Chairman of the Federal Maritime Commission
- In office January 20, 2025 – June 30, 2025
- President: Donald Trump
- Preceded by: Dan Maffei
- Succeeded by: Laura DiBella

Commissioner of the Federal Maritime Commission
- In office January 23, 2019 – June 30, 2025
- President: Donald Trump Joe Biden Donald Trump
- Preceded by: William P. Doyle
- Succeeded by: Laura DiBella

Personal details
- Born: Louis Ernest Sola January 8, 1968 (age 58) Chicago, Illinois, U.S.
- Party: Republican
- Education: Parkland College (AA) Nova Southeastern University (BS) University of Illinois, Urbana-Champaign (MS)

Military service
- Allegiance: United States
- Branch/service: United States Army
- Years of service: 1986–1997
- Awards: Humanitarian Service Medal - 1994 Cuban rafter crisis

= Louis E. Sola =

American politician (born 1968)

Louis Ernest Sola (born January 8, 1968) is an American maritime policy strategist, national security analyst, and former U.S. federal official. He served as the Chairman of the Federal Maritime Commission until 2025. Appointed by President Donald J. Trump and confirmed by the U.S. Senate, Sola worked alongside Commissioners Daniel B. Maffei, Rebecca F. Dye, and Max Vekich during his tenure. He now works as a partner at Thorn Run Partners, a government relations and strategic consulting firm, in Washington, D.C.
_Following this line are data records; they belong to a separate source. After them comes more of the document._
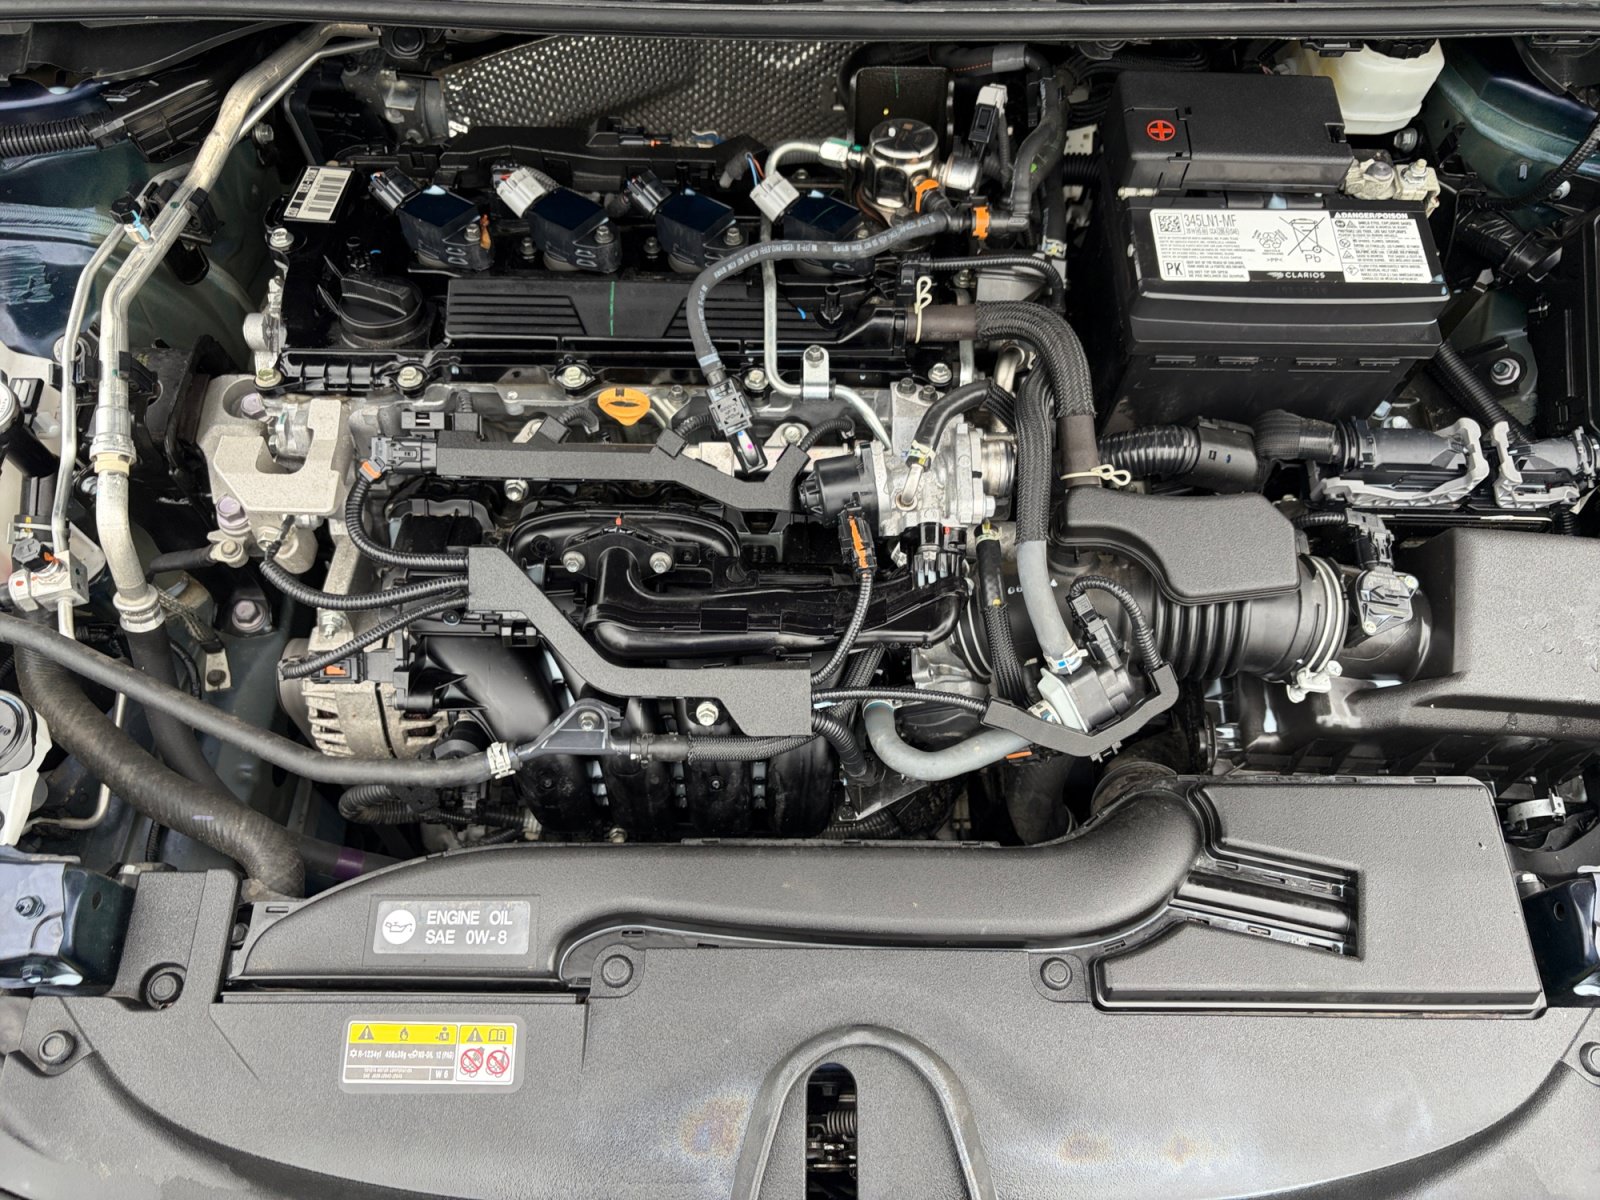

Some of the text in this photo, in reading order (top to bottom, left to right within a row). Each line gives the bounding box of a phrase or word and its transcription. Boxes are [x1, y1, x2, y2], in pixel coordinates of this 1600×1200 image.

[1184, 214, 1237, 227] 345LN1-MF
[1304, 254, 1322, 263] Pb
[1166, 262, 1183, 275] PK
[426, 910, 513, 925] ENGINE OIL
[425, 929, 508, 945] SAE 0W-8
On November 15, 2018, Sola was nominated to the U.S. Federal Maritime Commission by President Trump and was confirmed by the United States Senate on January 2, 2019. He was sworn into office on January 23, 2019 during the government shutdown. On January 20, 2025, President Trump designated Sola as the Chairman of the U.S. Federal Maritime Commission. He completed his federal service on June 30, 2025.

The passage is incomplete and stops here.